Quanto al motivo dedotto dal solo OMISSIS, si osserva che la Corte d’Appello ha rigettato il motivo d’impugnazione articolato sul punto specifico rilevando che il fatto per cui si procedeva nei confronti dell’imputato era certamente differente rispetto a quello per il quale in data 19/1/2007 era stata emessa sentenza dal Giudice per le Indagini Preliminari di Sala Consilina. Ha rilevato la Corte di merito che dal confronto tra le due decisioni si evinceva che le imputazioni, pur concernendo cessioni di metadone, si riferivano a fatti diversi, essendo intervenuta quella oggetto del giudizio per cui si procedeva a seguito di accordo perfezionatosi il 28/10/2006, per un quantitativo di sostanza e ad un prezzo diverso rispetto a quella oggetto del giudizio del GUP in data 19/1/2007.
Ha evidenziato, inoltre, che nella motivazione del GUP si dava atto che vi era stata altra analoga operazione di cessione di metadone in epoca antecedente al 28/10/2006, soggiungendo che “le molteplici analogie ed il ristretto intervallo temporale tra i due episodi inducono a ritenere quanto meno ravvisabile il medesimo disegno criminoso, ma le relative conseguenze non possono essere affermate in questa sede atteso che non risulta che la sentenza del GUP di Sala Consilina sia passata in giudicato”.

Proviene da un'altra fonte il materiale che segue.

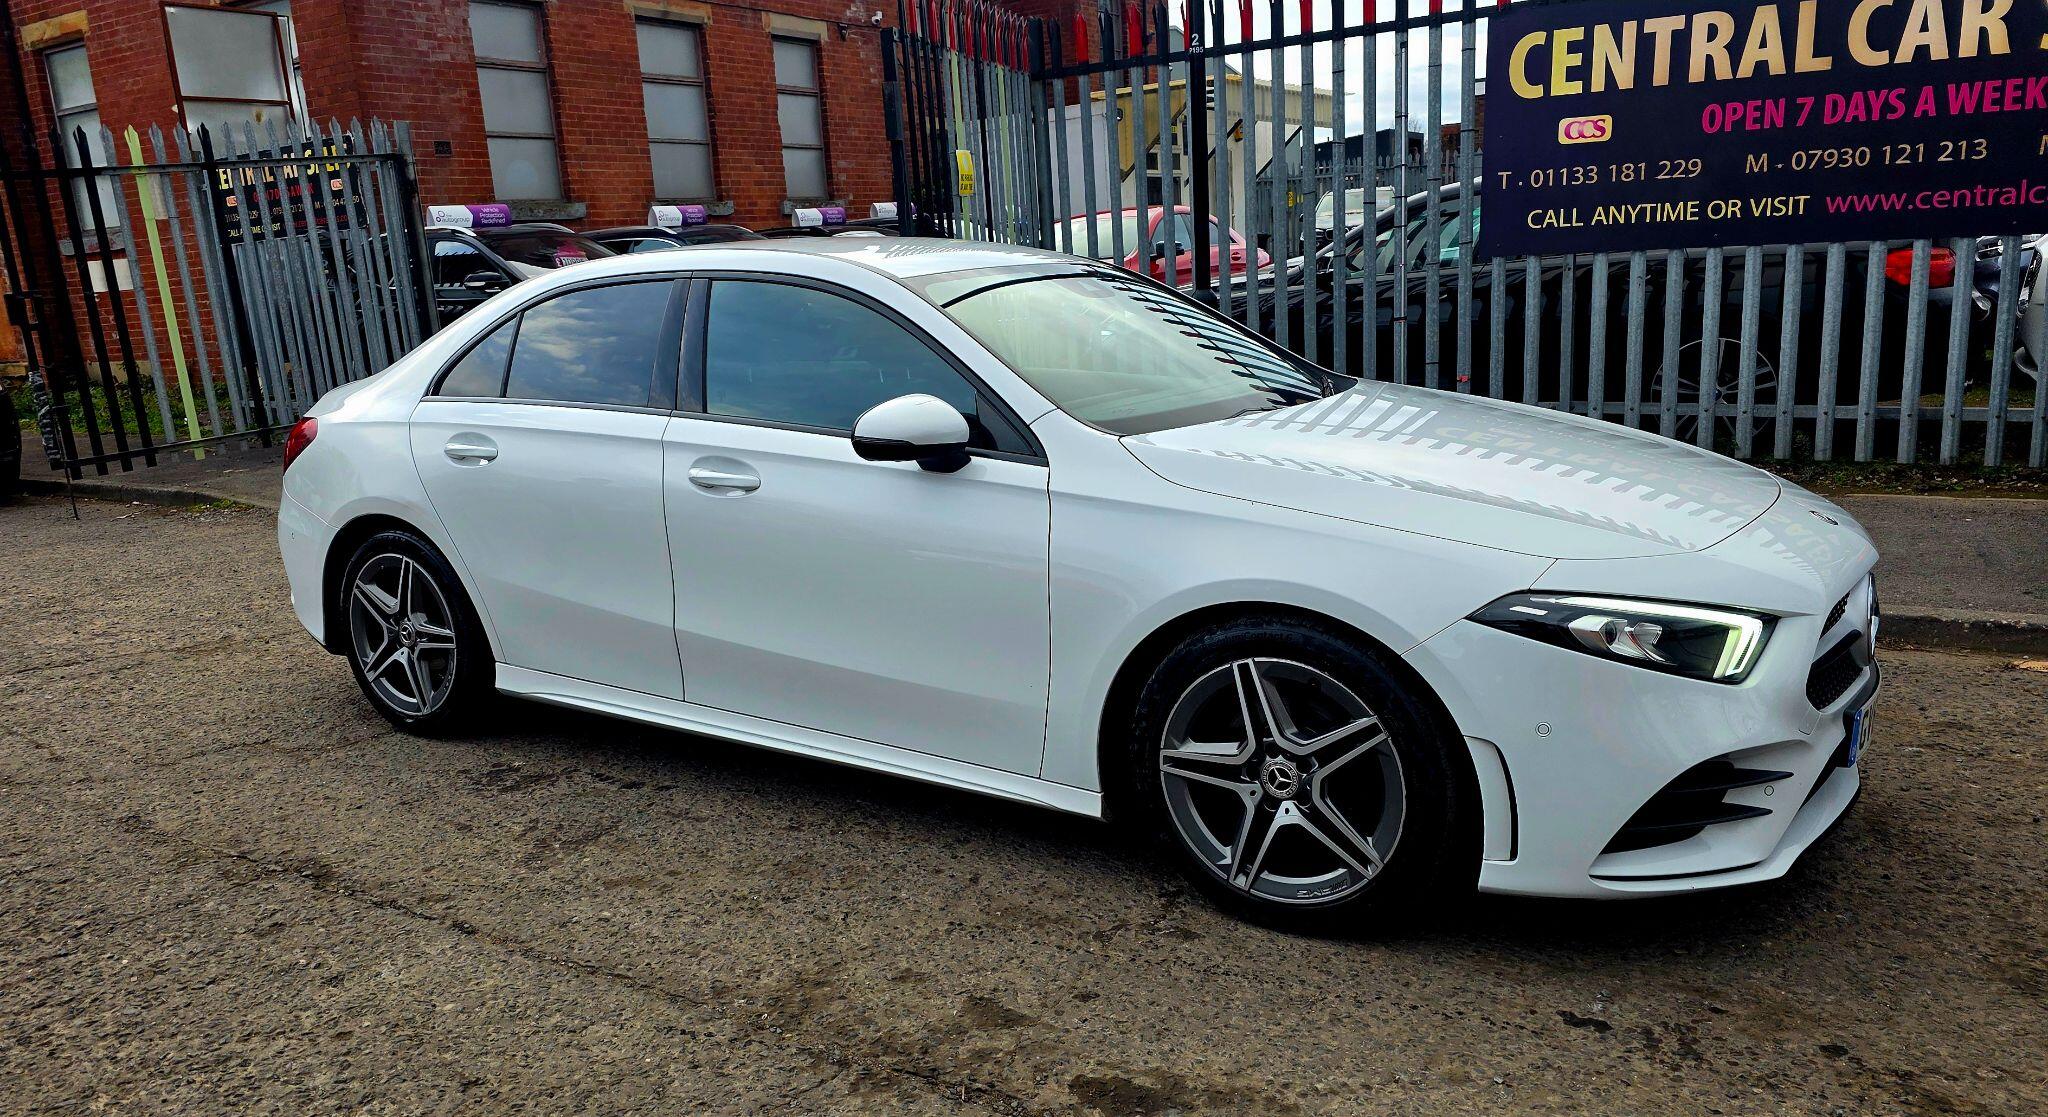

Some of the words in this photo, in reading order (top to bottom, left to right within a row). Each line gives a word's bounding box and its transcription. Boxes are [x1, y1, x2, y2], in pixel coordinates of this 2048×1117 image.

[1191, 33, 1200, 46] 2
[1509, 0, 1833, 99] CENTRAL
[1848, 0, 2012, 67] CAR
[1702, 98, 1785, 134] OPEN
[1796, 97, 1815, 127] 7
[1824, 88, 1906, 125] DAYS
[1913, 86, 1937, 118] A
[1947, 76, 2048, 115] WEEK
[1564, 118, 1607, 141] CCS
[1791, 146, 1871, 171] 07930
[1882, 143, 1925, 165] 121
[1937, 138, 1988, 162] 213
[1530, 165, 1599, 188] 01133
[1608, 162, 1647, 182] 181
[1654, 158, 1703, 180] 229
[1527, 208, 1584, 229] CALL
[1591, 201, 1700, 226] ANYTIME
[1707, 199, 1742, 220] OR
[1750, 195, 1811, 217] VISIT
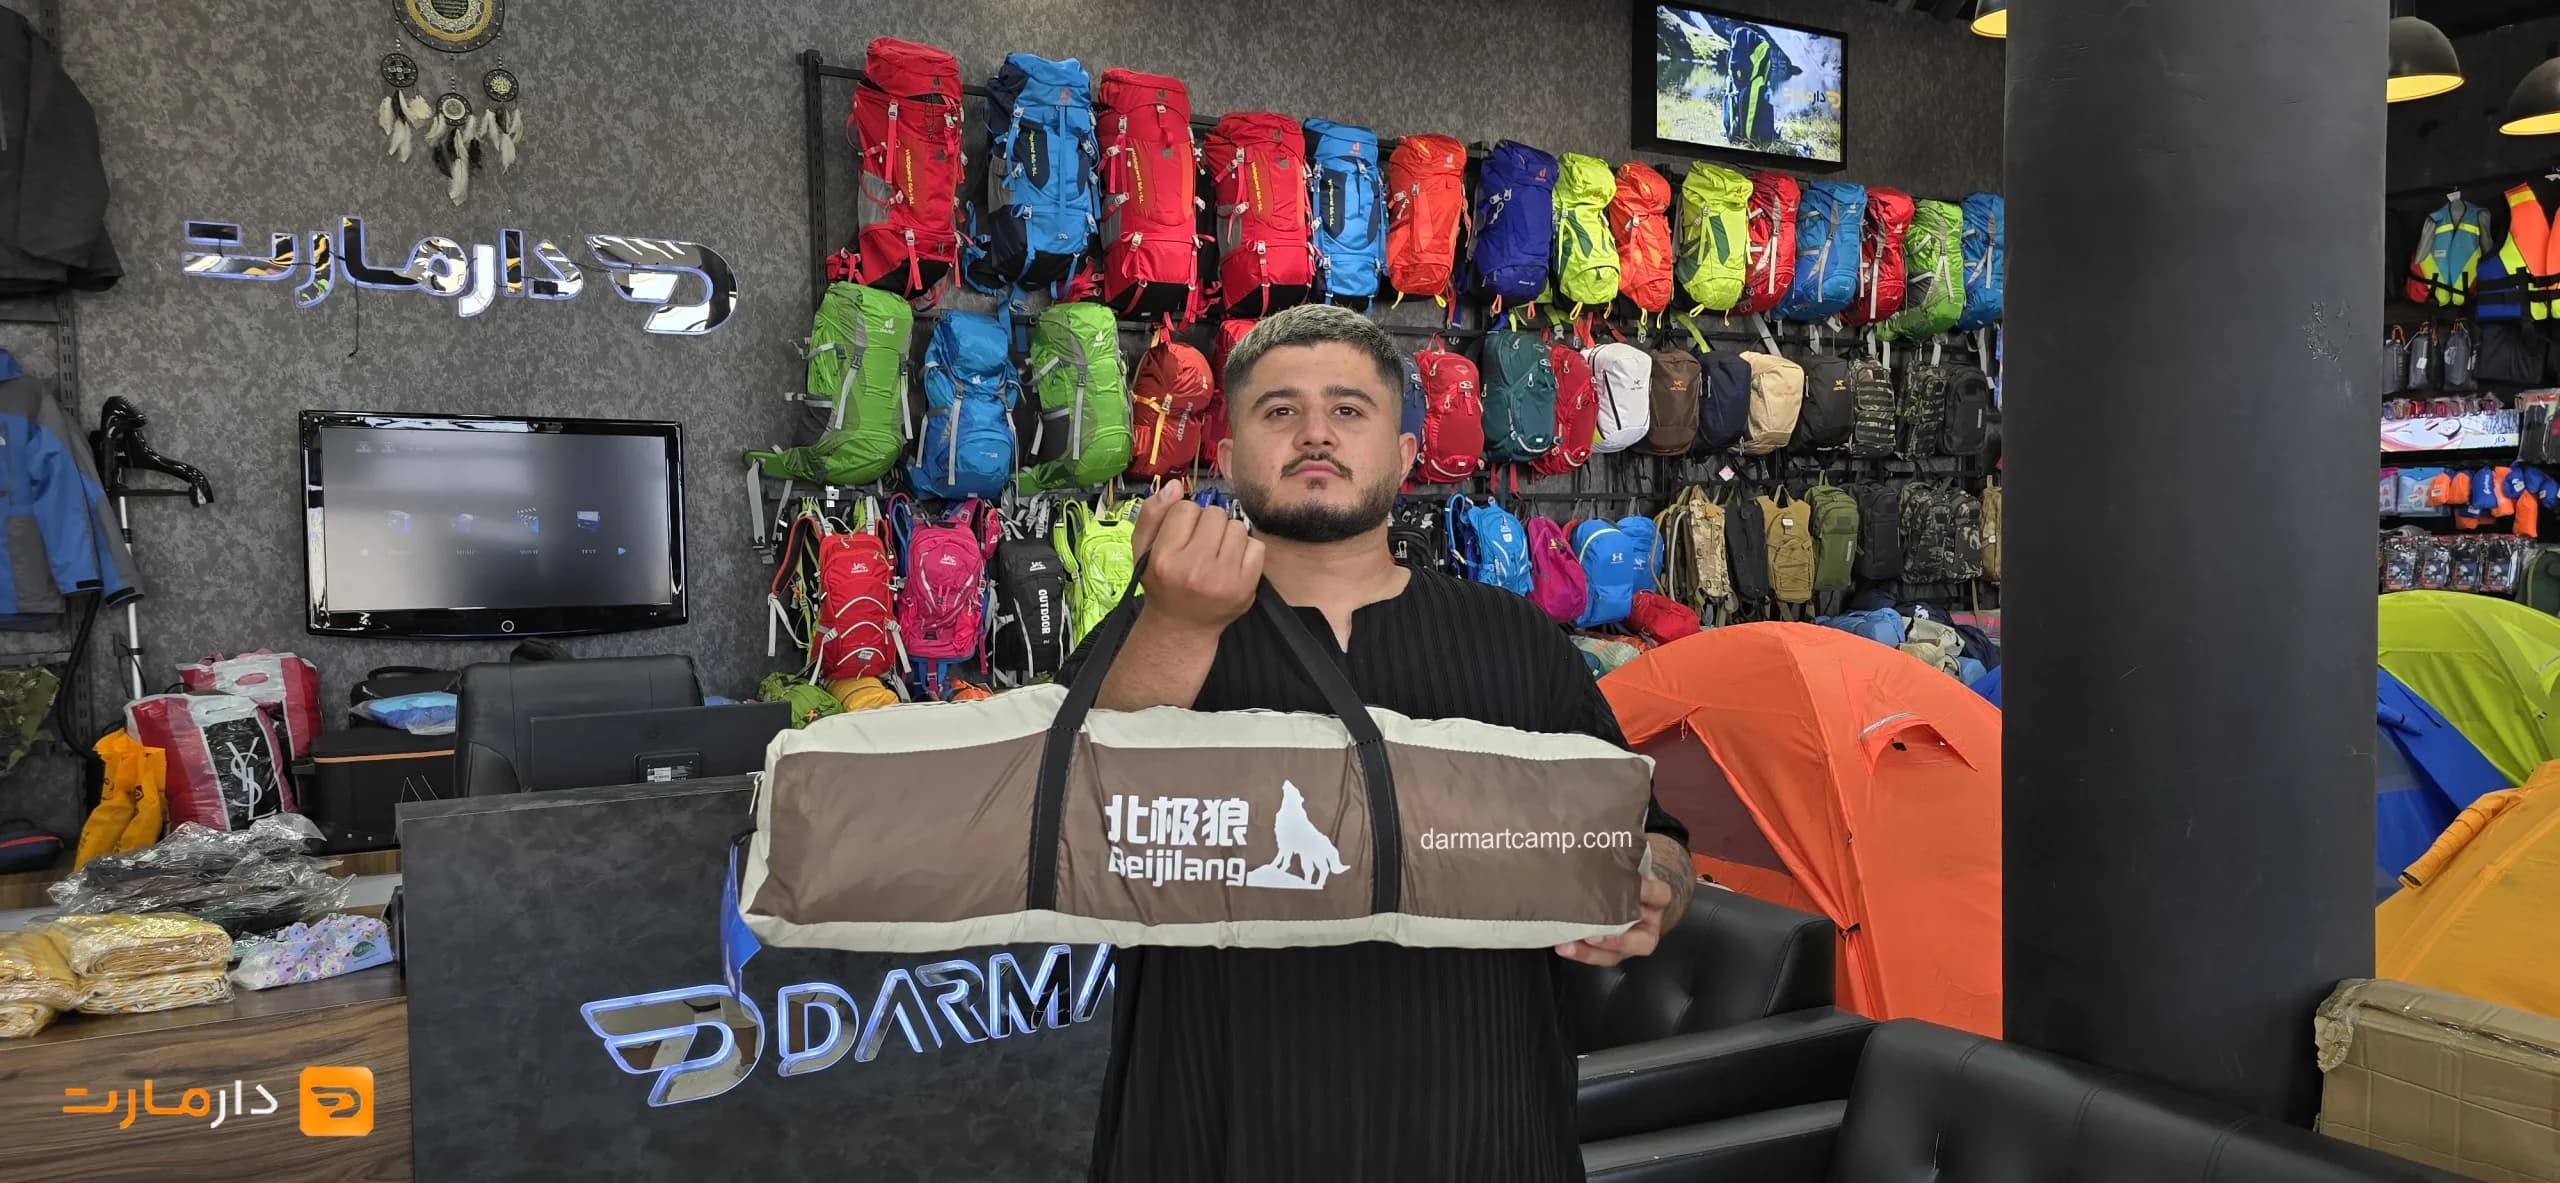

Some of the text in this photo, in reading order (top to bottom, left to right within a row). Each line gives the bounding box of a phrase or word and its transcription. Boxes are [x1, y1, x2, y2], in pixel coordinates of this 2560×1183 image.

[182, 215, 583, 318] دارمارت
[1038, 588, 1050, 635] OUTDOOR
[1104, 794, 1250, 846] 北极狼
[1420, 827, 1633, 854] darmartcamp.com
[1108, 846, 1247, 888] Beijilang
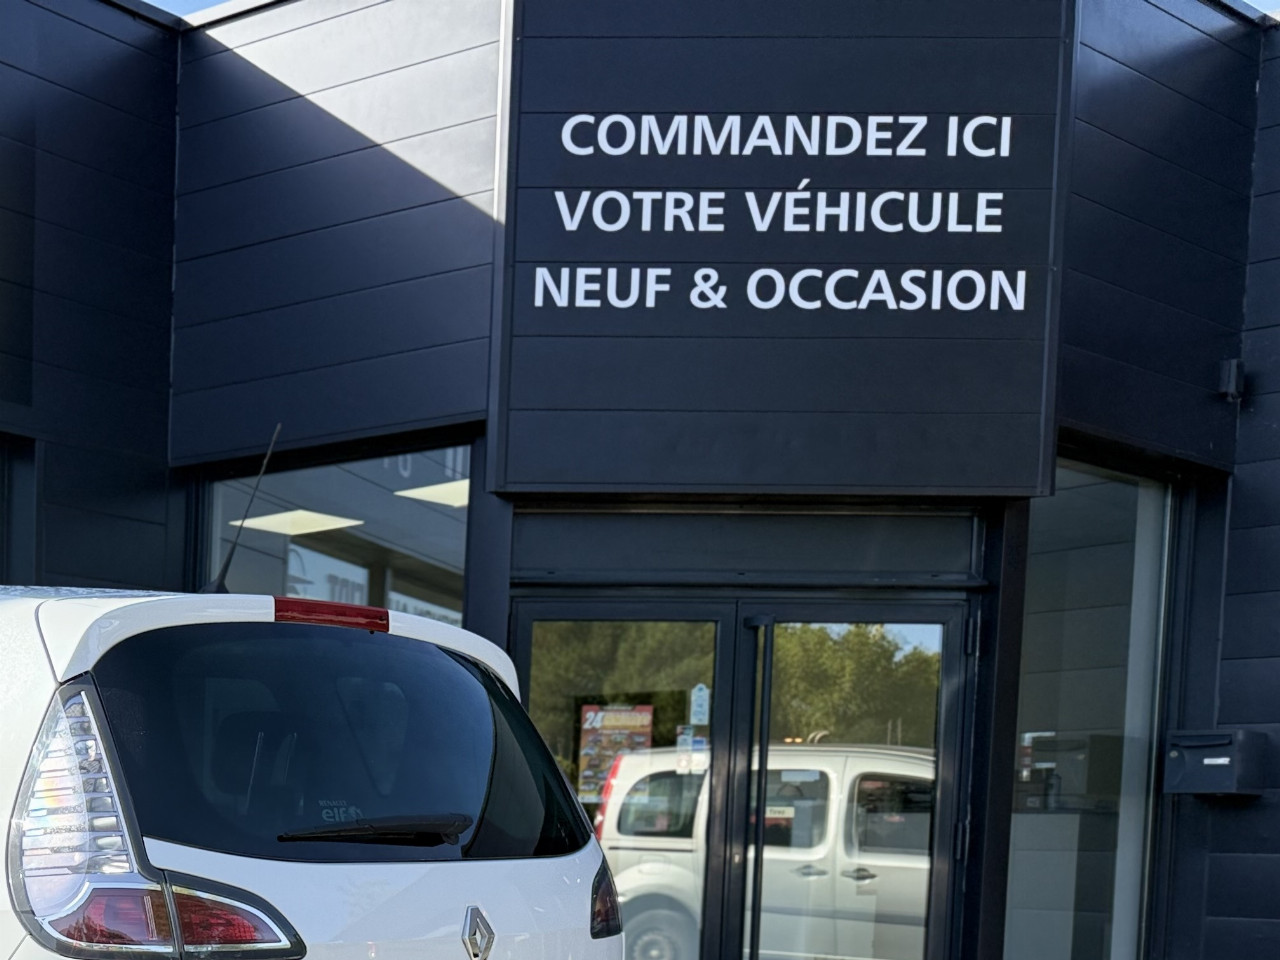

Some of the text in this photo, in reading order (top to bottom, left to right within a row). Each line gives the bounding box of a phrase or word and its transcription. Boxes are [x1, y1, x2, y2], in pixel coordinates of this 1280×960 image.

[561, 114, 1012, 158] COMMANDEZ ICI
[554, 179, 1004, 233] VOTRE VÉHICULE
[534, 267, 1026, 311] NEUF & OCCASION
[321, 807, 347, 822] elf
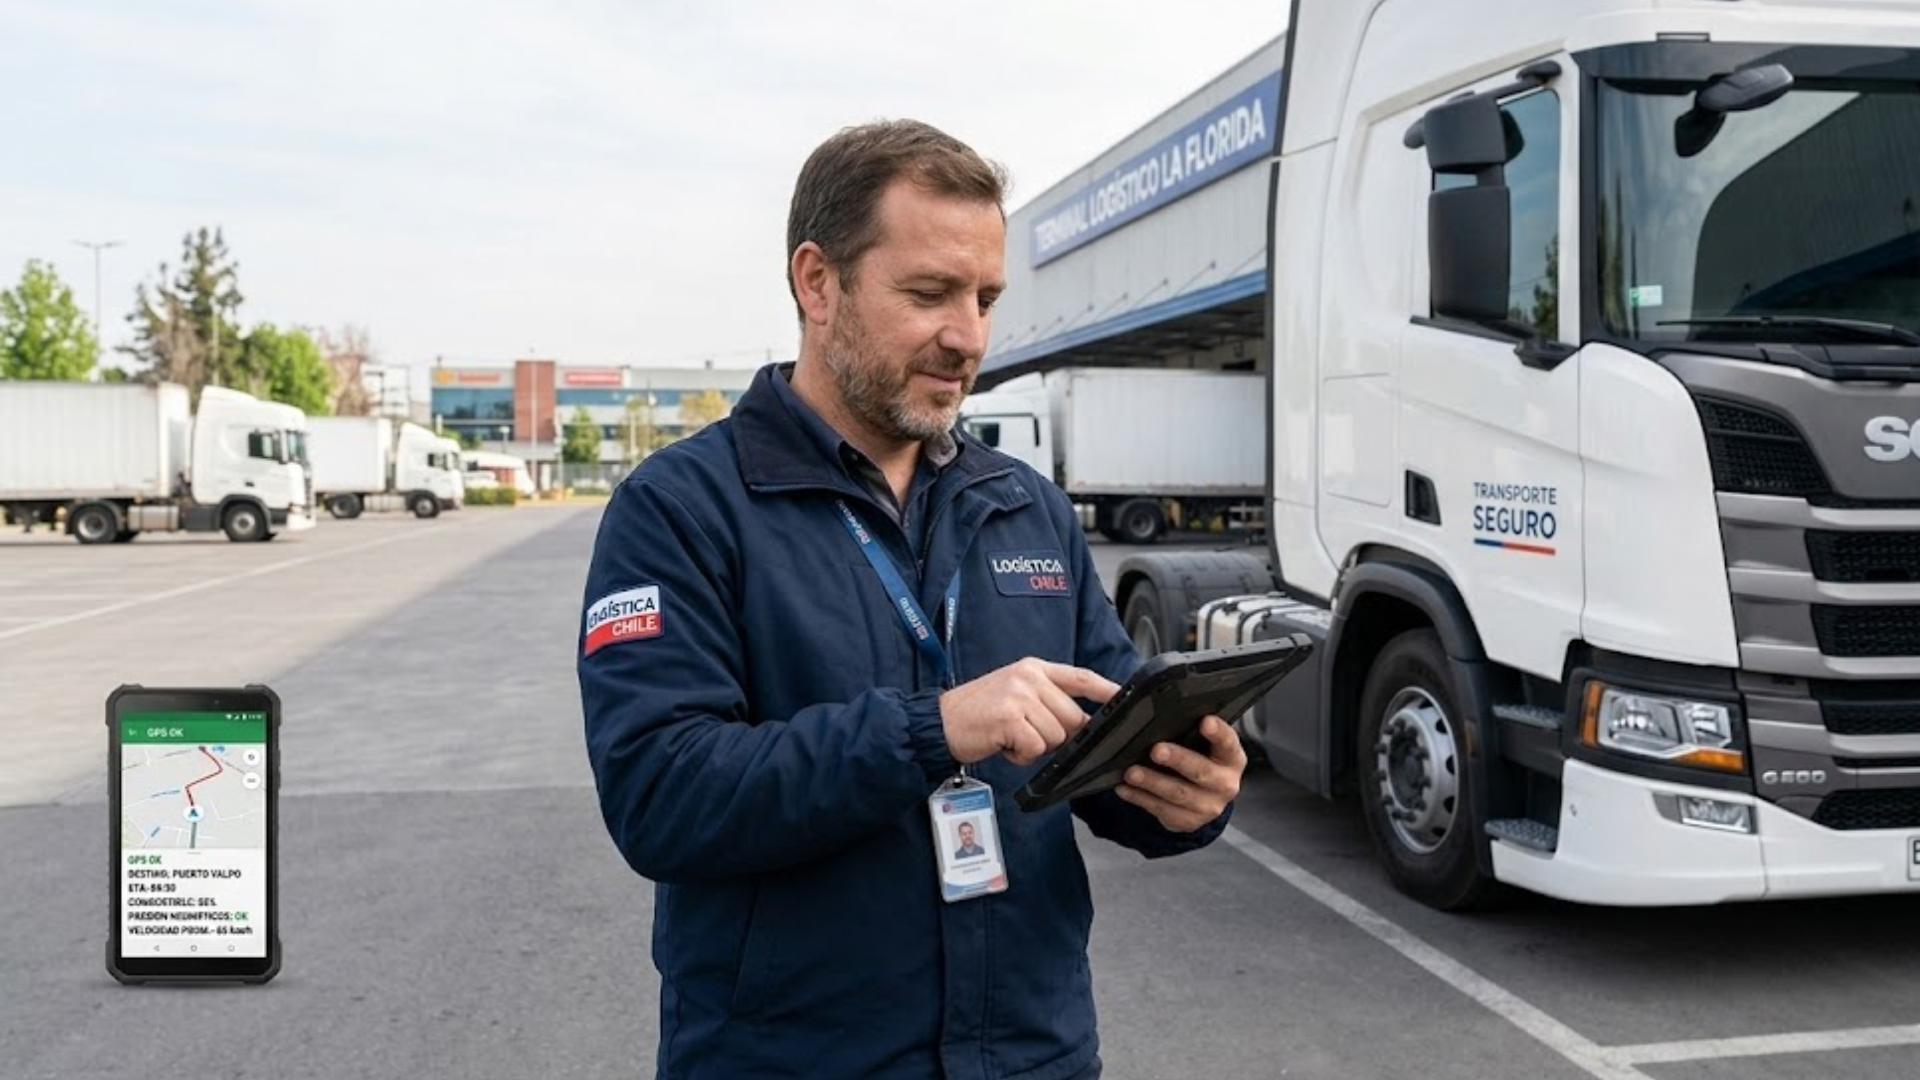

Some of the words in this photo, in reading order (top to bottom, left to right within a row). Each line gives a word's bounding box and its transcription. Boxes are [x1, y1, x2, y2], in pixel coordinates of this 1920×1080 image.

[1089, 157, 1160, 227] LOGÍSTICO
[1160, 144, 1184, 190] LA
[1185, 97, 1267, 177] FLORIDA
[1863, 415, 1920, 462] S
[1473, 482, 1557, 505] TRANSPORTE
[1473, 505, 1556, 539] SEGURO
[992, 555, 1064, 573] LOGÍSTICA
[612, 615, 657, 637] CHILE
[146, 727, 168, 738] GPS
[168, 727, 184, 738] OK
[127, 855, 147, 865] GPS
[148, 855, 162, 865] OK
[172, 869, 209, 879] PUERTO
[210, 869, 241, 879] VALPO
[234, 911, 249, 921] OK

A tal proposito è da rilevare che, sulla scorta delle indicazioni offerte dal ricorrente, è stato possibile accertare che in data 22/9/2011, decidendo nel procedimento n. 4612/2011, questa Corte ha pronunciato ordinanza con la quale è stato dichiarato inammissibile il ricorso proposto dal V. avverso la sentenza che in appello aveva confermato la condanna a lui inflitta in primo grado dal Gup di Sala Consilina. Ne consegue che, ferma restando la diversità dei fatti criminosi considerati e la inapplicabilità del principio del ne bis in idem, si deve rilevare che, ancorchè in precedenza non sussistessero gli estremi per l’applicazione della continuazione tra la pena inflitta con la sentenza impugnata in questa sede e quella, passata in giudicato, relativa all’episodio di cessione di stupefacente avvenuto il e per la quale vi era stata condanna, tali estremi oggi si ravvisano a seguito del passaggio in giudicato della indicata sentenza. Va richiamato in proposito il principio espresso da Cass. n. 7316 del 20/7/1996 (RV205811): “La continuazione può essere applicata per la prima volta in sede di legittimità, qualora venga richiesta allegando una sentenza passata in giudicato dopo la pronuncia della decisione impugnata, in quanto non si è modificato il quadro normativo al riguardo nel vigore del nuovo codice di rito, giacchè la disciplina contemplata dall’art. 671 c.p.p., in sede esecutiva ha carattere sussidiario ed incontra alcune limitazioni ( artt. 187 e 188 disp att c.p.p. e art 671 c.p.p.) insussistenti in sede cognitiva. (Nella specie, relativa a rigetto di ricorso, la S.C. ha osservato che “tuttavia l’omesso passaggio in giudicato della sentenza prodotta e l’assenza di ogni allegazione tale da consentire l’accertamento dell’unicità del disegno criminoso inducono a ritenere infondato detto motivo, fatta salva la possibilità di più idonea dimostrazione in sede esecutiva)”.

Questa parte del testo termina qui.